***** Study material *****

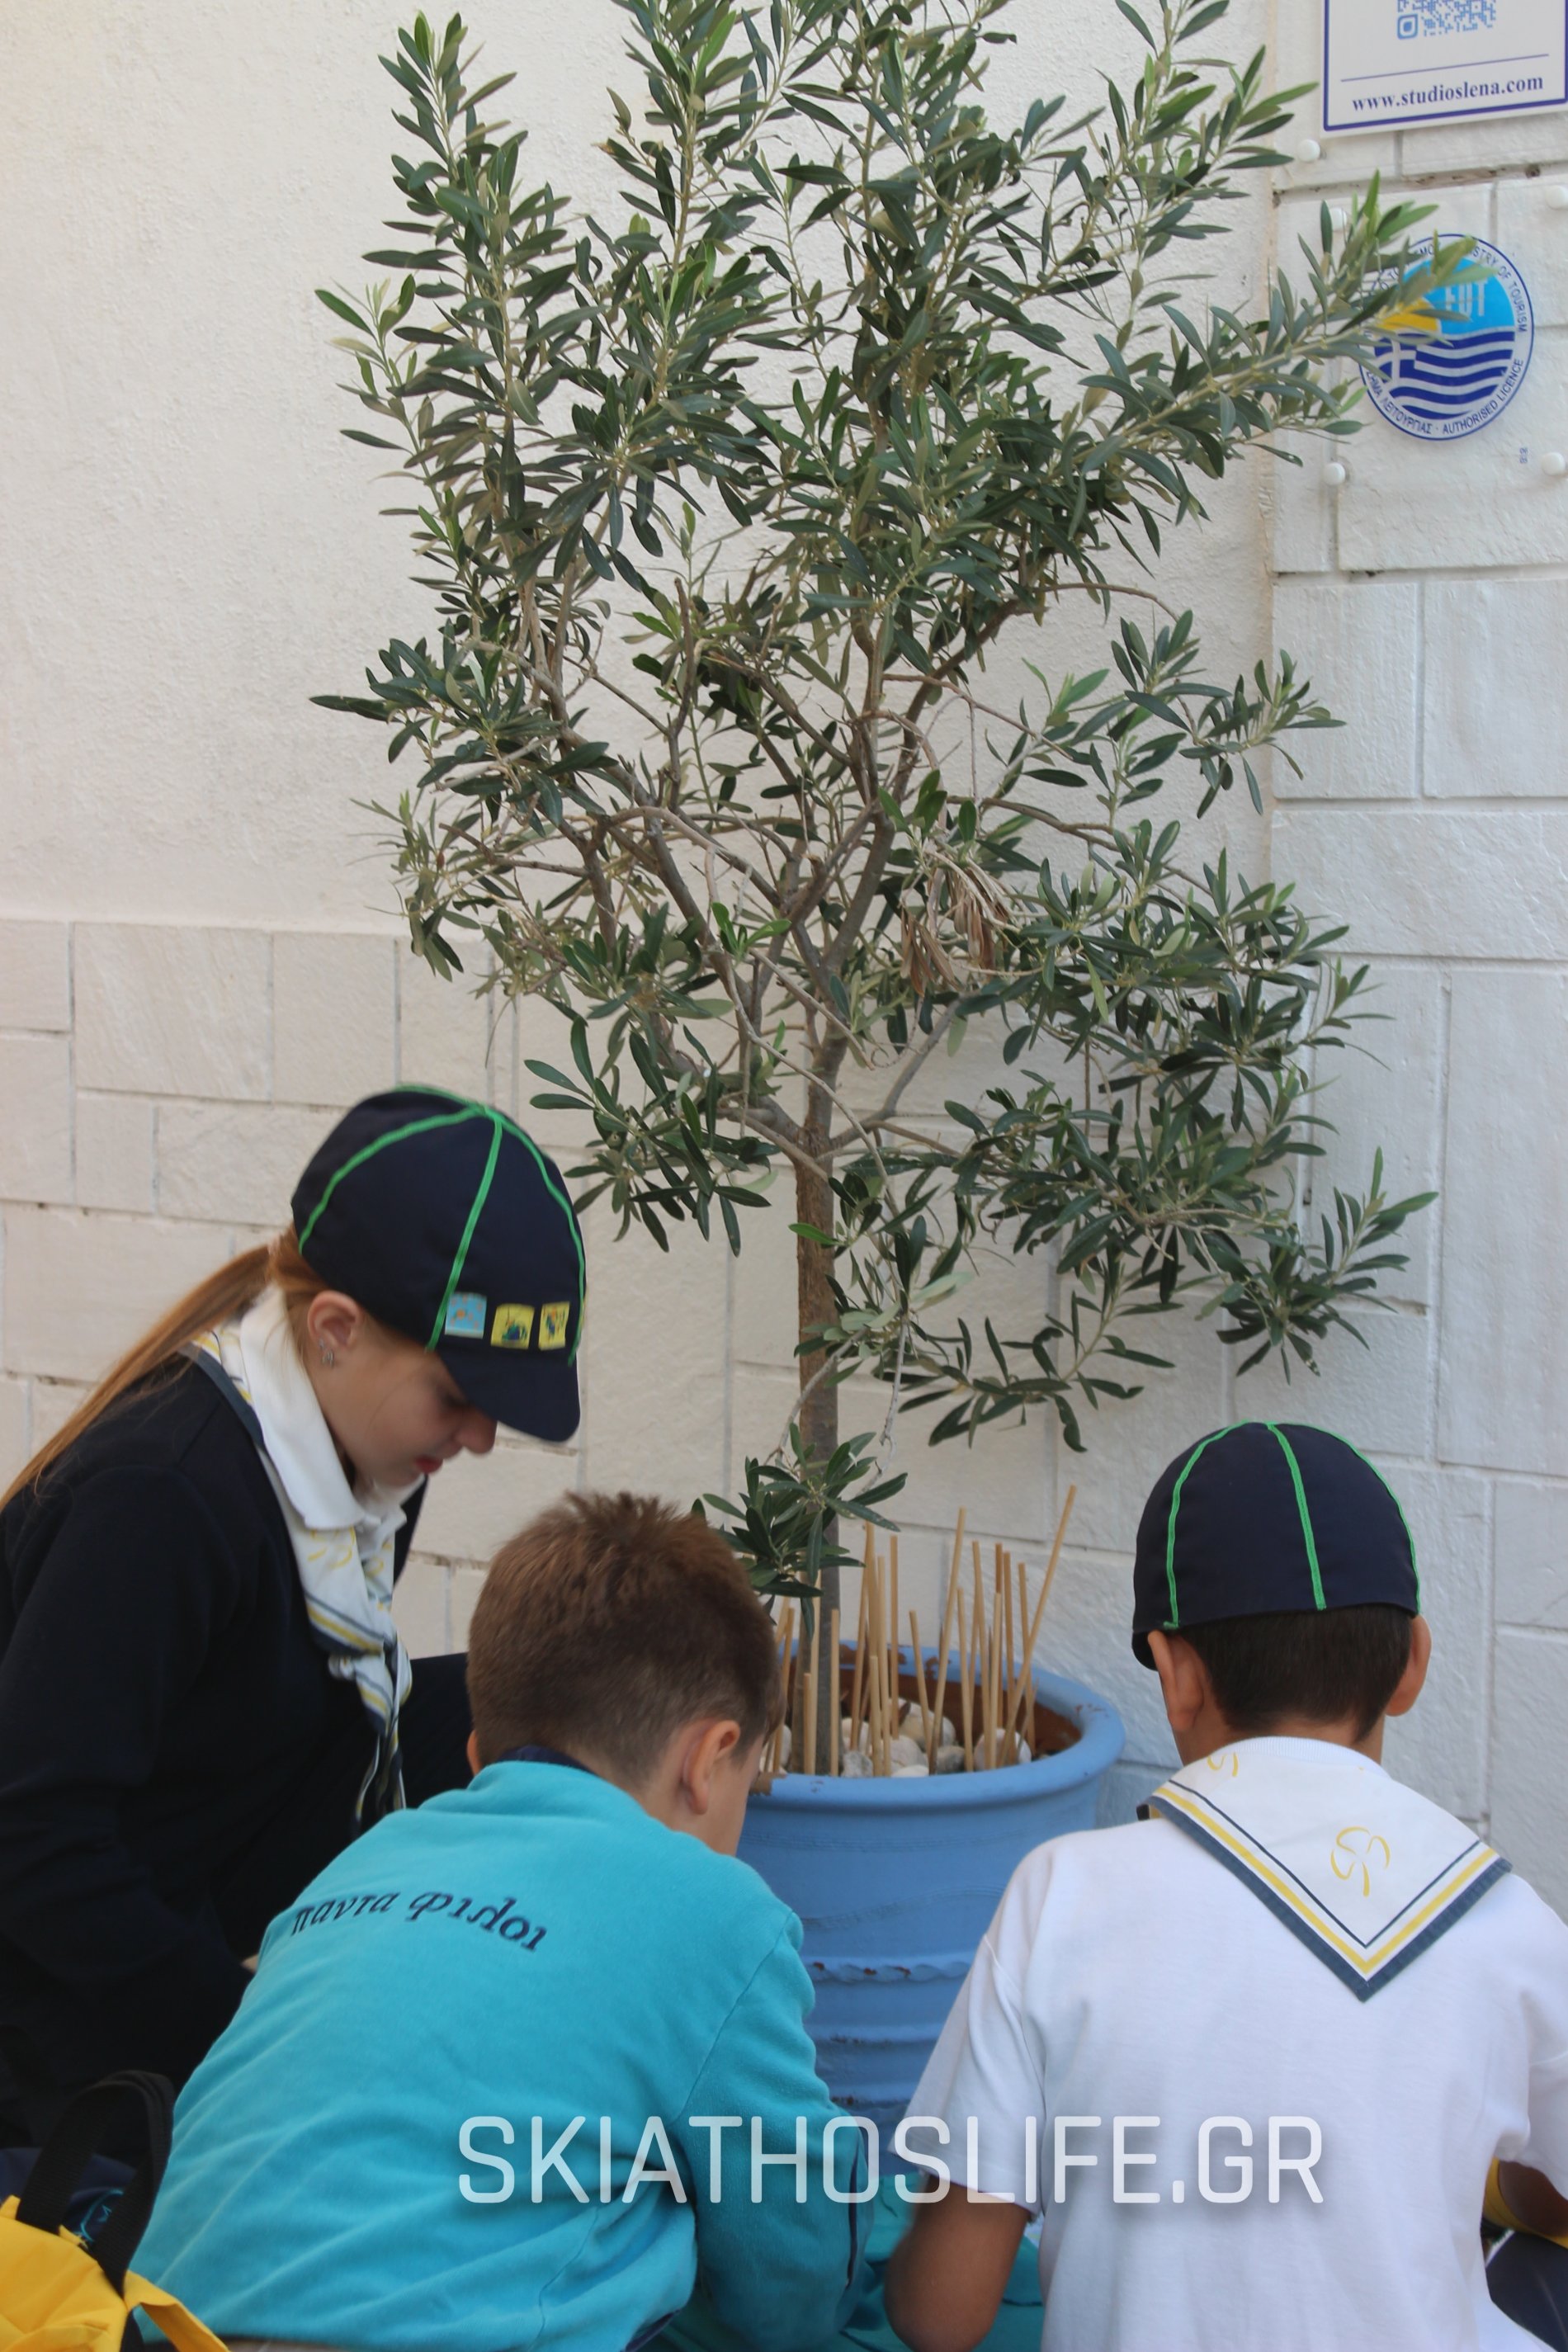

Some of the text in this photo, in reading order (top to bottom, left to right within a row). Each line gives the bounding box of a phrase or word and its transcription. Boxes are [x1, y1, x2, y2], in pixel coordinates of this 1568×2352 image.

[1352, 76, 1544, 111] www.studioslena.com
[1497, 265, 1512, 280] OF
[1509, 281, 1528, 333] TOURISM
[1443, 358, 1524, 435] AUTHORISED LICENCE
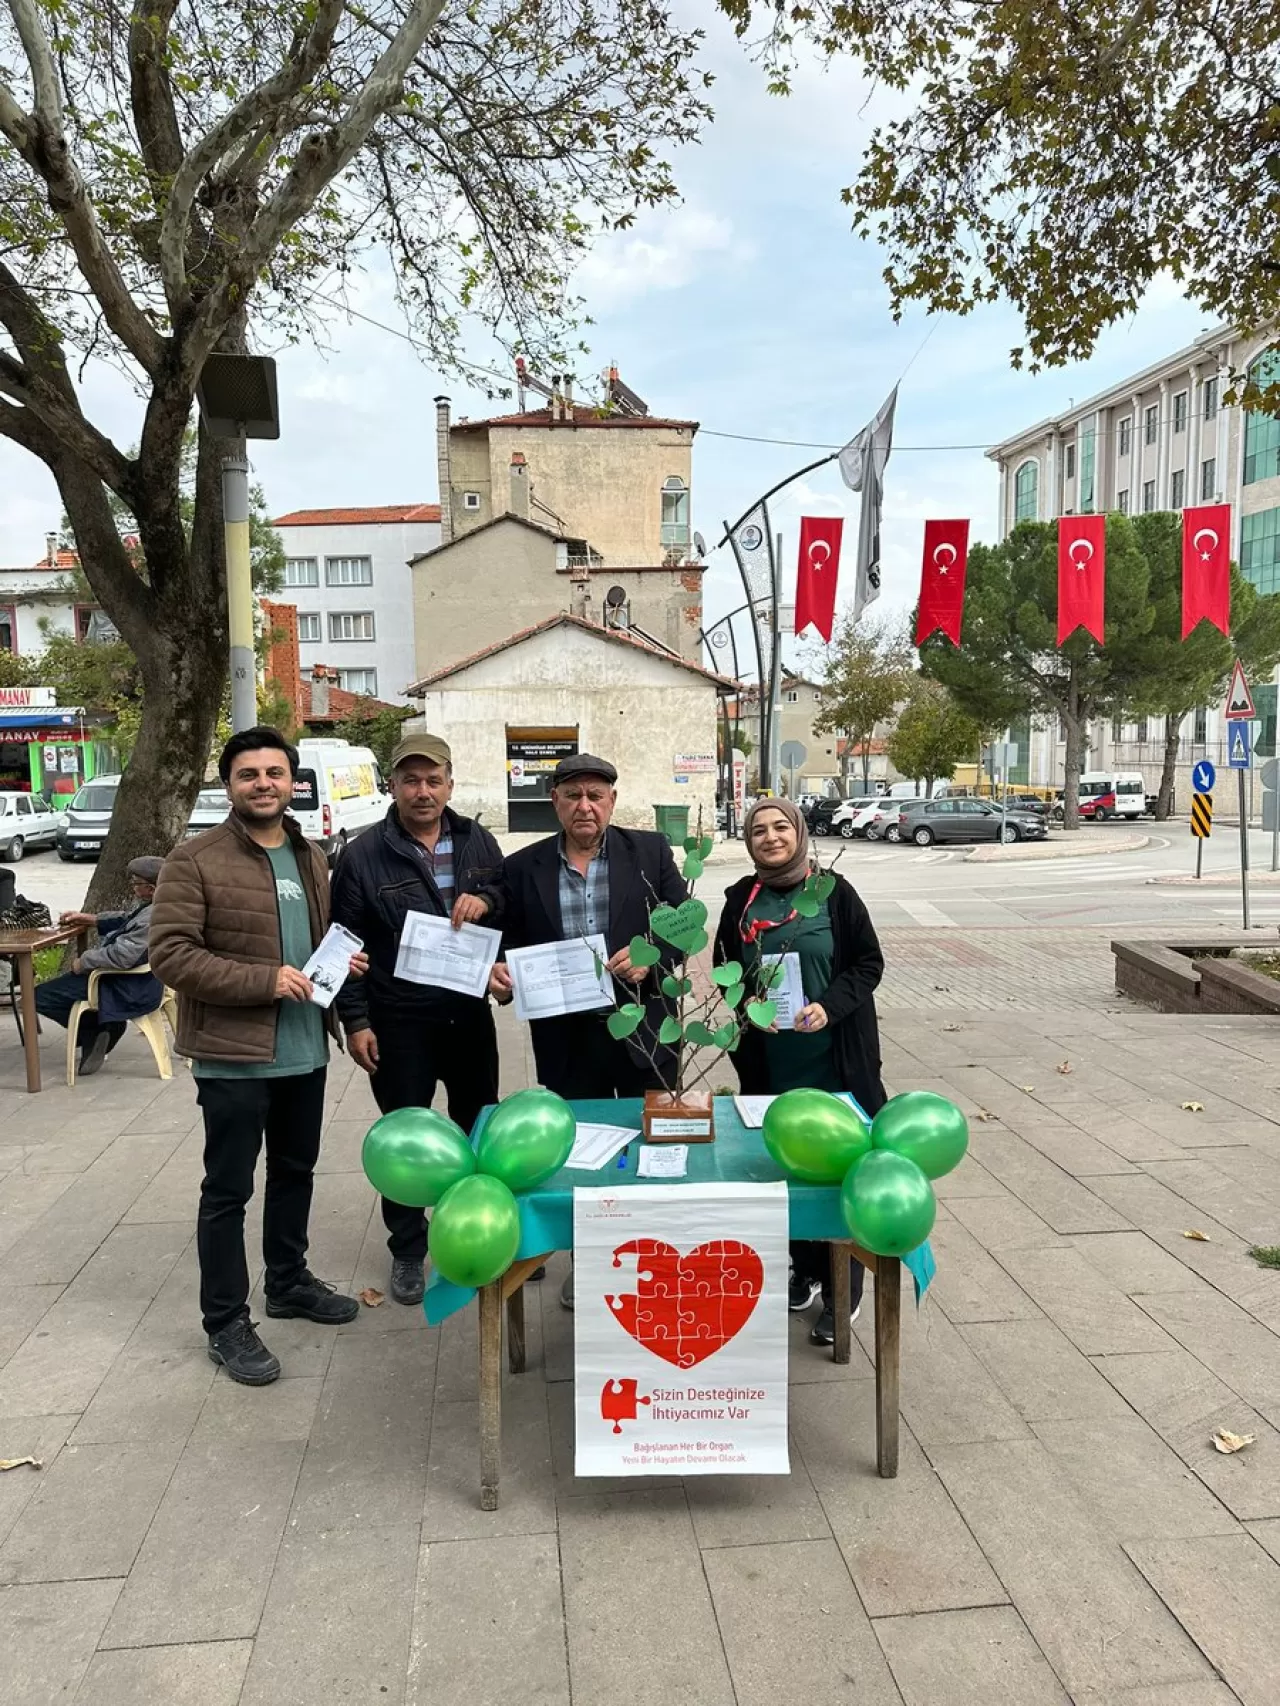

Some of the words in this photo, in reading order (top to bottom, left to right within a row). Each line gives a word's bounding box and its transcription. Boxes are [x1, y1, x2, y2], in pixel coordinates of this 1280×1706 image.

[652, 1388, 684, 1401] Sizin
[687, 1387, 765, 1402] Desteğinize
[652, 1405, 725, 1423] İhtiyacımız
[727, 1406, 750, 1420] Var
[633, 1443, 678, 1453] Bağışlanan
[679, 1443, 695, 1451] Her
[696, 1442, 708, 1451] Bir
[709, 1441, 735, 1452] Organ
[622, 1455, 639, 1464] Yeni
[640, 1456, 652, 1464] Bir
[653, 1455, 686, 1465] Hayatın
[686, 1454, 717, 1464] Devamı
[718, 1453, 747, 1463] Olacak
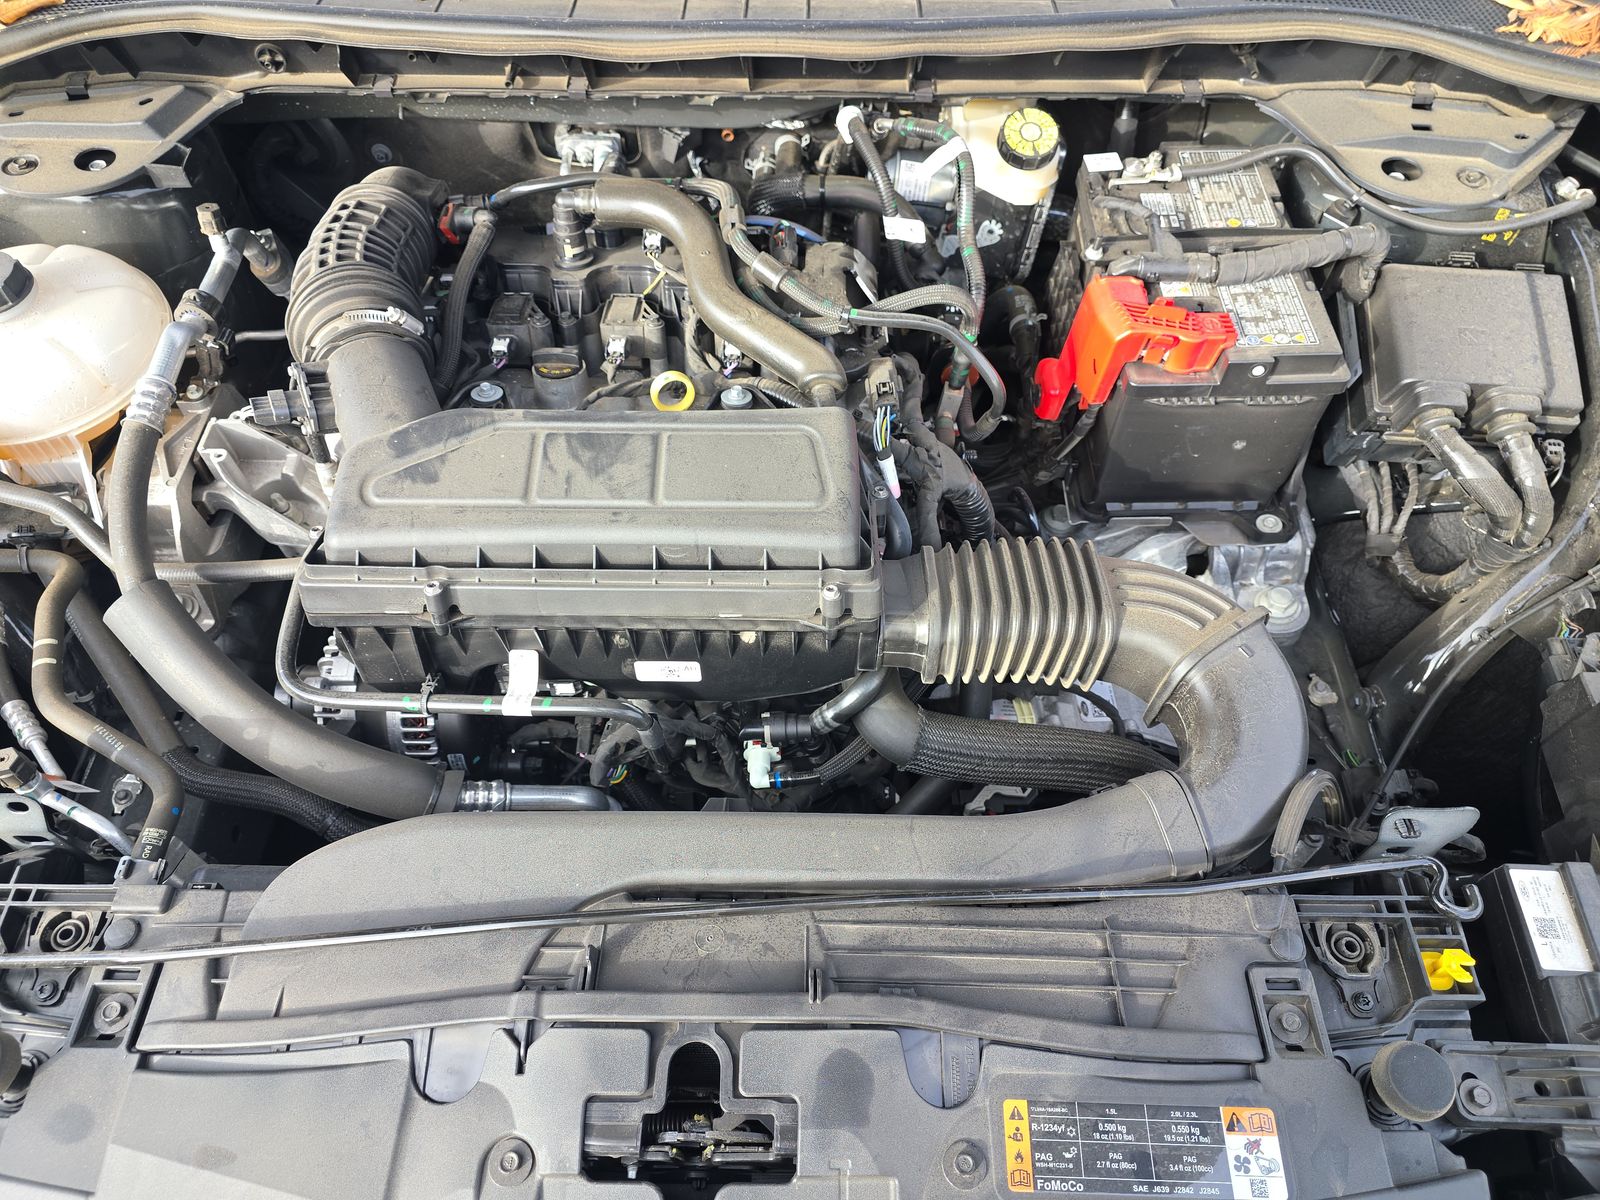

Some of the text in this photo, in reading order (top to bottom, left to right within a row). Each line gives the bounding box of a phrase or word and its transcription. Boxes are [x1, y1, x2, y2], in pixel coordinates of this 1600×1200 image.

[1031, 1123, 1066, 1134] R-1234yf
[1098, 1122, 1127, 1133] 0.500 kg
[1171, 1125, 1200, 1136] 0.550 kg
[1093, 1132, 1100, 1140] 18
[1109, 1133, 1123, 1141] (1.10
[1123, 1133, 1135, 1142] lbs)
[1163, 1134, 1176, 1142] 19.5
[1184, 1135, 1199, 1143] (1.21
[1199, 1135, 1211, 1144] lbs)
[1034, 1152, 1053, 1161] PAG
[1108, 1152, 1123, 1160] PAG
[1182, 1155, 1197, 1163] PAG
[1119, 1161, 1137, 1171] (80cc)
[1192, 1165, 1214, 1174] (100cc)
[1037, 1180, 1084, 1192] FoMoCo
[1132, 1184, 1220, 1195] SAE J639 J2842 J2845

*****

> [Exercise prompt]: None of the pictures belong in the copy; transcribe the rest of the data exactly.

> [Task solution]:
Some of the text in this photo, in reading order (top to bottom, left to right within a row). Each line gives the bounding box of a phrase or word and its transcription. Boxes are [x1, y1, x2, y2], in pixel coordinates of this 1568×2352 image.

[1352, 76, 1544, 111] www.studioslena.com
[1497, 265, 1512, 280] OF
[1509, 281, 1528, 333] TOURISM
[1443, 358, 1524, 435] AUTHORISED LICENCE

Some of the words in this photo, in reading order (top to bottom, left to right within a row). Each line gives a word's bounding box and its transcription. Boxes are [x1, y1, x2, y2], in pixel coordinates of this 1280×1706 image.

[652, 1388, 684, 1401] Sizin
[687, 1387, 765, 1402] Desteğinize
[652, 1405, 725, 1423] İhtiyacımız
[727, 1406, 750, 1420] Var
[633, 1443, 678, 1453] Bağışlanan
[679, 1443, 695, 1451] Her
[696, 1442, 708, 1451] Bir
[709, 1441, 735, 1452] Organ
[622, 1455, 639, 1464] Yeni
[640, 1456, 652, 1464] Bir
[653, 1455, 686, 1465] Hayatın
[686, 1454, 717, 1464] Devamı
[718, 1453, 747, 1463] Olacak

Some of the text in this photo, in reading order (top to bottom, left to right within a row). Each line gives the bounding box of a phrase or word and its transcription. Boxes are [x1, y1, x2, y2], in pixel coordinates of this 1600×1200 image.

[1031, 1123, 1066, 1134] R-1234yf
[1098, 1122, 1127, 1133] 0.500 kg
[1171, 1125, 1200, 1136] 0.550 kg
[1093, 1132, 1100, 1140] 18
[1109, 1133, 1123, 1141] (1.10
[1123, 1133, 1135, 1142] lbs)
[1163, 1134, 1176, 1142] 19.5
[1184, 1135, 1199, 1143] (1.21
[1199, 1135, 1211, 1144] lbs)
[1034, 1152, 1053, 1161] PAG
[1108, 1152, 1123, 1160] PAG
[1182, 1155, 1197, 1163] PAG
[1119, 1161, 1137, 1171] (80cc)
[1192, 1165, 1214, 1174] (100cc)
[1037, 1180, 1084, 1192] FoMoCo
[1132, 1184, 1220, 1195] SAE J639 J2842 J2845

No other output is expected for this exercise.